- _The data_:

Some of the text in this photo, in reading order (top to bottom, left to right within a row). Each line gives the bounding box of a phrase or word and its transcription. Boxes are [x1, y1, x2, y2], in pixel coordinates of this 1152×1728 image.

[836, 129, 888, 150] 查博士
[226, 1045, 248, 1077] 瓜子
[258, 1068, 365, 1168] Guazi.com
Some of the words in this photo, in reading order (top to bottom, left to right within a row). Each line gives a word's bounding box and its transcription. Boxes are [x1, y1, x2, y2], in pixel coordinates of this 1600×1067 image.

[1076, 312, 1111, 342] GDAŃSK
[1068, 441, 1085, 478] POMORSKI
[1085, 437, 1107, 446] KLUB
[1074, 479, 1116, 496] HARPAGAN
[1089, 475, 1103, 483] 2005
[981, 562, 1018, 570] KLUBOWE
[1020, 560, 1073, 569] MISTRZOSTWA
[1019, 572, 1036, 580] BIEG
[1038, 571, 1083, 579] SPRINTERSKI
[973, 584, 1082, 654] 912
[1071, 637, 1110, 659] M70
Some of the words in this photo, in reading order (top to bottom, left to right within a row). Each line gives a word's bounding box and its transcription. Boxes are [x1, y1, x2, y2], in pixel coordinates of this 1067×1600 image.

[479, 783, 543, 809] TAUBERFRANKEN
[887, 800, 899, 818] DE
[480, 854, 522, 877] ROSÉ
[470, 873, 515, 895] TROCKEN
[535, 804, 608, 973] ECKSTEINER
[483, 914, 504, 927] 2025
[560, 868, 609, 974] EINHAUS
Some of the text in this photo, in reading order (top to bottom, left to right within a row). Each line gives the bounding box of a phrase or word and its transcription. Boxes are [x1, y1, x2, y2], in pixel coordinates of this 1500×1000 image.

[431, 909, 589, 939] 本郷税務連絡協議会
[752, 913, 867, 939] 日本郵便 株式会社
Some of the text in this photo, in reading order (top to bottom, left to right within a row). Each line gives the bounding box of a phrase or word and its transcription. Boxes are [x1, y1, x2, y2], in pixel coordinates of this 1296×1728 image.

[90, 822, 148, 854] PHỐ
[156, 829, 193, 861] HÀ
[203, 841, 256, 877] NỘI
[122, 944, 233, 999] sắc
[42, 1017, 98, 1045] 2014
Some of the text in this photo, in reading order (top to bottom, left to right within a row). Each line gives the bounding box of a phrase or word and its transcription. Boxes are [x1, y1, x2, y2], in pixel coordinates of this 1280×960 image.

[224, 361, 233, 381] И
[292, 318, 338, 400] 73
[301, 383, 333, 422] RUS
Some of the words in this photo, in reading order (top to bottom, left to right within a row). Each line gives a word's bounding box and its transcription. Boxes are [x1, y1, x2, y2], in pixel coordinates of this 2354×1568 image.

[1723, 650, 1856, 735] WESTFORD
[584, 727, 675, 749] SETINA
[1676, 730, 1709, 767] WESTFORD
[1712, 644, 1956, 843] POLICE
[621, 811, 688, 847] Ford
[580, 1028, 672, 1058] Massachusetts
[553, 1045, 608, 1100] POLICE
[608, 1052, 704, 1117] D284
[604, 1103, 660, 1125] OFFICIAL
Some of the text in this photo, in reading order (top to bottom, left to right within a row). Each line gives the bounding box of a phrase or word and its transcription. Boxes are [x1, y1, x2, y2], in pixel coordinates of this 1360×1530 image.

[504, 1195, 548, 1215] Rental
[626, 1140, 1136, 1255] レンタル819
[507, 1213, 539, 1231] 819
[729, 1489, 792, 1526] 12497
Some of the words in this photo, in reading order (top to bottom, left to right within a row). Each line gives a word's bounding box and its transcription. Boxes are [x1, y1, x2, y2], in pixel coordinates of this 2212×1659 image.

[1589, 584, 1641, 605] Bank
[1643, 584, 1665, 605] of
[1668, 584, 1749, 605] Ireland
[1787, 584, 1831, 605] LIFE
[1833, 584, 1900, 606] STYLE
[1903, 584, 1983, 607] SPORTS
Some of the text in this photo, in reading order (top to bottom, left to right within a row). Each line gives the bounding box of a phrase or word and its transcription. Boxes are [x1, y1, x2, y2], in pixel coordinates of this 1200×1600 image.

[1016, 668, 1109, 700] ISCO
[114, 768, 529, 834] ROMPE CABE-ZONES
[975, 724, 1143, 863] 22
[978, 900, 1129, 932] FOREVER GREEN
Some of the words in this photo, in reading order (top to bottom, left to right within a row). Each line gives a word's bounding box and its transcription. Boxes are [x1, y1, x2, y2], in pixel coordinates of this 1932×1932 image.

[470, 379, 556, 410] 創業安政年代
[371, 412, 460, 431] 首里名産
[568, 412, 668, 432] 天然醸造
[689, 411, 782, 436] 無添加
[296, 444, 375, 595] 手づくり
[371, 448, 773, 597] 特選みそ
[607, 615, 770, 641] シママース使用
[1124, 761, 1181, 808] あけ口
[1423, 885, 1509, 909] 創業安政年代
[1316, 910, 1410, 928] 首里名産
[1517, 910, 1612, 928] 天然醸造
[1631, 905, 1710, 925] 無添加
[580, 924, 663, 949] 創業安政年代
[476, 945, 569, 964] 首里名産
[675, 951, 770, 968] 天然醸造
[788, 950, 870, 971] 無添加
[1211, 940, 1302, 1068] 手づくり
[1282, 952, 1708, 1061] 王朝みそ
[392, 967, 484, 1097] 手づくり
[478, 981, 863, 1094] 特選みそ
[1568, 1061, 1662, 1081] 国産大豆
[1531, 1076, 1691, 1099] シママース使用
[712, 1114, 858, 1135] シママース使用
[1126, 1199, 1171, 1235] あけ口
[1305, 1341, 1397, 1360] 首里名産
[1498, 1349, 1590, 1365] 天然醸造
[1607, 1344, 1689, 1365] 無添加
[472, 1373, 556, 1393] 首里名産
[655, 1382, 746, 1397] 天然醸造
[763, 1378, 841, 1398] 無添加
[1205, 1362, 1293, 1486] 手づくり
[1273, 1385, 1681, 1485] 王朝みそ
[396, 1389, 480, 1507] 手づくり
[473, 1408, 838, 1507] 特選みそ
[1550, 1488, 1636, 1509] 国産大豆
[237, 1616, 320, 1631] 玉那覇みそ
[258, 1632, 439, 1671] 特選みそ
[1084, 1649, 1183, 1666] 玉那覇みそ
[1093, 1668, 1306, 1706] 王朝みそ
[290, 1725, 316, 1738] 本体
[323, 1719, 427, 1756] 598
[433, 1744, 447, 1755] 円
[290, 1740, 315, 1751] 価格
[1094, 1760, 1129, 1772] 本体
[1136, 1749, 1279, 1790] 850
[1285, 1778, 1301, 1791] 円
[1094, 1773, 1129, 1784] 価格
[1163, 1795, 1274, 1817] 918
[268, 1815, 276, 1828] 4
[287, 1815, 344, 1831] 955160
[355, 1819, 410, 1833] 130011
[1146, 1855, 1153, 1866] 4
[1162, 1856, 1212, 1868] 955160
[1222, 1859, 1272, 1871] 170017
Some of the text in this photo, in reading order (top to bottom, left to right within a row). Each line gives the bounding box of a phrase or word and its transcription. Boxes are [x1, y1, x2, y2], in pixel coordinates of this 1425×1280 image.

- _Exercise requirements_:
All of the records above should be given again exactly as written.

- _Result of the exercise_:
Some of the text in this photo, in reading order (top to bottom, left to right within a row). Each line gives the bounding box of a phrase or word and its transcription. Boxes are [x1, y1, x2, y2], in pixel coordinates of this 1152×1728 image.

[836, 129, 888, 150] 查博士
[226, 1045, 248, 1077] 瓜子
[258, 1068, 365, 1168] Guazi.com
Some of the words in this photo, in reading order (top to bottom, left to right within a row). Each line gives a word's bounding box and its transcription. Boxes are [x1, y1, x2, y2], in pixel coordinates of this 1600×1067 image.

[1076, 312, 1111, 342] GDAŃSK
[1068, 441, 1085, 478] POMORSKI
[1085, 437, 1107, 446] KLUB
[1074, 479, 1116, 496] HARPAGAN
[1089, 475, 1103, 483] 2005
[981, 562, 1018, 570] KLUBOWE
[1020, 560, 1073, 569] MISTRZOSTWA
[1019, 572, 1036, 580] BIEG
[1038, 571, 1083, 579] SPRINTERSKI
[973, 584, 1082, 654] 912
[1071, 637, 1110, 659] M70
Some of the words in this photo, in reading order (top to bottom, left to right within a row). Each line gives a word's bounding box and its transcription. Boxes are [x1, y1, x2, y2], in pixel coordinates of this 1067×1600 image.

[479, 783, 543, 809] TAUBERFRANKEN
[887, 800, 899, 818] DE
[480, 854, 522, 877] ROSÉ
[470, 873, 515, 895] TROCKEN
[535, 804, 608, 973] ECKSTEINER
[483, 914, 504, 927] 2025
[560, 868, 609, 974] EINHAUS
Some of the text in this photo, in reading order (top to bottom, left to right within a row). Each line gives the bounding box of a phrase or word and its transcription. Boxes are [x1, y1, x2, y2], in pixel coordinates of this 1500×1000 image.

[431, 909, 589, 939] 本郷税務連絡協議会
[752, 913, 867, 939] 日本郵便 株式会社
Some of the text in this photo, in reading order (top to bottom, left to right within a row). Each line gives the bounding box of a phrase or word and its transcription. Boxes are [x1, y1, x2, y2], in pixel coordinates of this 1296×1728 image.

[90, 822, 148, 854] PHỐ
[156, 829, 193, 861] HÀ
[203, 841, 256, 877] NỘI
[122, 944, 233, 999] sắc
[42, 1017, 98, 1045] 2014
Some of the text in this photo, in reading order (top to bottom, left to right within a row). Each line gives the bounding box of a phrase or word and its transcription. Boxes are [x1, y1, x2, y2], in pixel coordinates of this 1280×960 image.

[224, 361, 233, 381] И
[292, 318, 338, 400] 73
[301, 383, 333, 422] RUS
Some of the words in this photo, in reading order (top to bottom, left to right within a row). Each line gives a word's bounding box and its transcription. Boxes are [x1, y1, x2, y2], in pixel coordinates of this 2354×1568 image.

[1723, 650, 1856, 735] WESTFORD
[584, 727, 675, 749] SETINA
[1676, 730, 1709, 767] WESTFORD
[1712, 644, 1956, 843] POLICE
[621, 811, 688, 847] Ford
[580, 1028, 672, 1058] Massachusetts
[553, 1045, 608, 1100] POLICE
[608, 1052, 704, 1117] D284
[604, 1103, 660, 1125] OFFICIAL
Some of the text in this photo, in reading order (top to bottom, left to right within a row). Each line gives the bounding box of a phrase or word and its transcription. Boxes are [x1, y1, x2, y2], in pixel coordinates of this 1360×1530 image.

[504, 1195, 548, 1215] Rental
[626, 1140, 1136, 1255] レンタル819
[507, 1213, 539, 1231] 819
[729, 1489, 792, 1526] 12497
Some of the words in this photo, in reading order (top to bottom, left to right within a row). Each line gives a word's bounding box and its transcription. Boxes are [x1, y1, x2, y2], in pixel coordinates of this 2212×1659 image.

[1589, 584, 1641, 605] Bank
[1643, 584, 1665, 605] of
[1668, 584, 1749, 605] Ireland
[1787, 584, 1831, 605] LIFE
[1833, 584, 1900, 606] STYLE
[1903, 584, 1983, 607] SPORTS
Some of the text in this photo, in reading order (top to bottom, left to right within a row). Each line gives the bounding box of a phrase or word and its transcription. Boxes are [x1, y1, x2, y2], in pixel coordinates of this 1200×1600 image.

[1016, 668, 1109, 700] ISCO
[114, 768, 529, 834] ROMPE CABE-ZONES
[975, 724, 1143, 863] 22
[978, 900, 1129, 932] FOREVER GREEN
Some of the words in this photo, in reading order (top to bottom, left to right within a row). Each line gives a word's bounding box and its transcription. Boxes are [x1, y1, x2, y2], in pixel coordinates of this 1932×1932 image.

[470, 379, 556, 410] 創業安政年代
[371, 412, 460, 431] 首里名産
[568, 412, 668, 432] 天然醸造
[689, 411, 782, 436] 無添加
[296, 444, 375, 595] 手づくり
[371, 448, 773, 597] 特選みそ
[607, 615, 770, 641] シママース使用
[1124, 761, 1181, 808] あけ口
[1423, 885, 1509, 909] 創業安政年代
[1316, 910, 1410, 928] 首里名産
[1517, 910, 1612, 928] 天然醸造
[1631, 905, 1710, 925] 無添加
[580, 924, 663, 949] 創業安政年代
[476, 945, 569, 964] 首里名産
[675, 951, 770, 968] 天然醸造
[788, 950, 870, 971] 無添加
[1211, 940, 1302, 1068] 手づくり
[1282, 952, 1708, 1061] 王朝みそ
[392, 967, 484, 1097] 手づくり
[478, 981, 863, 1094] 特選みそ
[1568, 1061, 1662, 1081] 国産大豆
[1531, 1076, 1691, 1099] シママース使用
[712, 1114, 858, 1135] シママース使用
[1126, 1199, 1171, 1235] あけ口
[1305, 1341, 1397, 1360] 首里名産
[1498, 1349, 1590, 1365] 天然醸造
[1607, 1344, 1689, 1365] 無添加
[472, 1373, 556, 1393] 首里名産
[655, 1382, 746, 1397] 天然醸造
[763, 1378, 841, 1398] 無添加
[1205, 1362, 1293, 1486] 手づくり
[1273, 1385, 1681, 1485] 王朝みそ
[396, 1389, 480, 1507] 手づくり
[473, 1408, 838, 1507] 特選みそ
[1550, 1488, 1636, 1509] 国産大豆
[237, 1616, 320, 1631] 玉那覇みそ
[258, 1632, 439, 1671] 特選みそ
[1084, 1649, 1183, 1666] 玉那覇みそ
[1093, 1668, 1306, 1706] 王朝みそ
[290, 1725, 316, 1738] 本体
[323, 1719, 427, 1756] 598
[433, 1744, 447, 1755] 円
[290, 1740, 315, 1751] 価格
[1094, 1760, 1129, 1772] 本体
[1136, 1749, 1279, 1790] 850
[1285, 1778, 1301, 1791] 円
[1094, 1773, 1129, 1784] 価格
[1163, 1795, 1274, 1817] 918
[268, 1815, 276, 1828] 4
[287, 1815, 344, 1831] 955160
[355, 1819, 410, 1833] 130011
[1146, 1855, 1153, 1866] 4
[1162, 1856, 1212, 1868] 955160
[1222, 1859, 1272, 1871] 170017
Some of the text in this photo, in reading order (top to bottom, left to right within a row). Each line gives the bounding box of a phrase or word and its transcription. Boxes are [x1, y1, x2, y2], in pixel coordinates of this 1425×1280 image.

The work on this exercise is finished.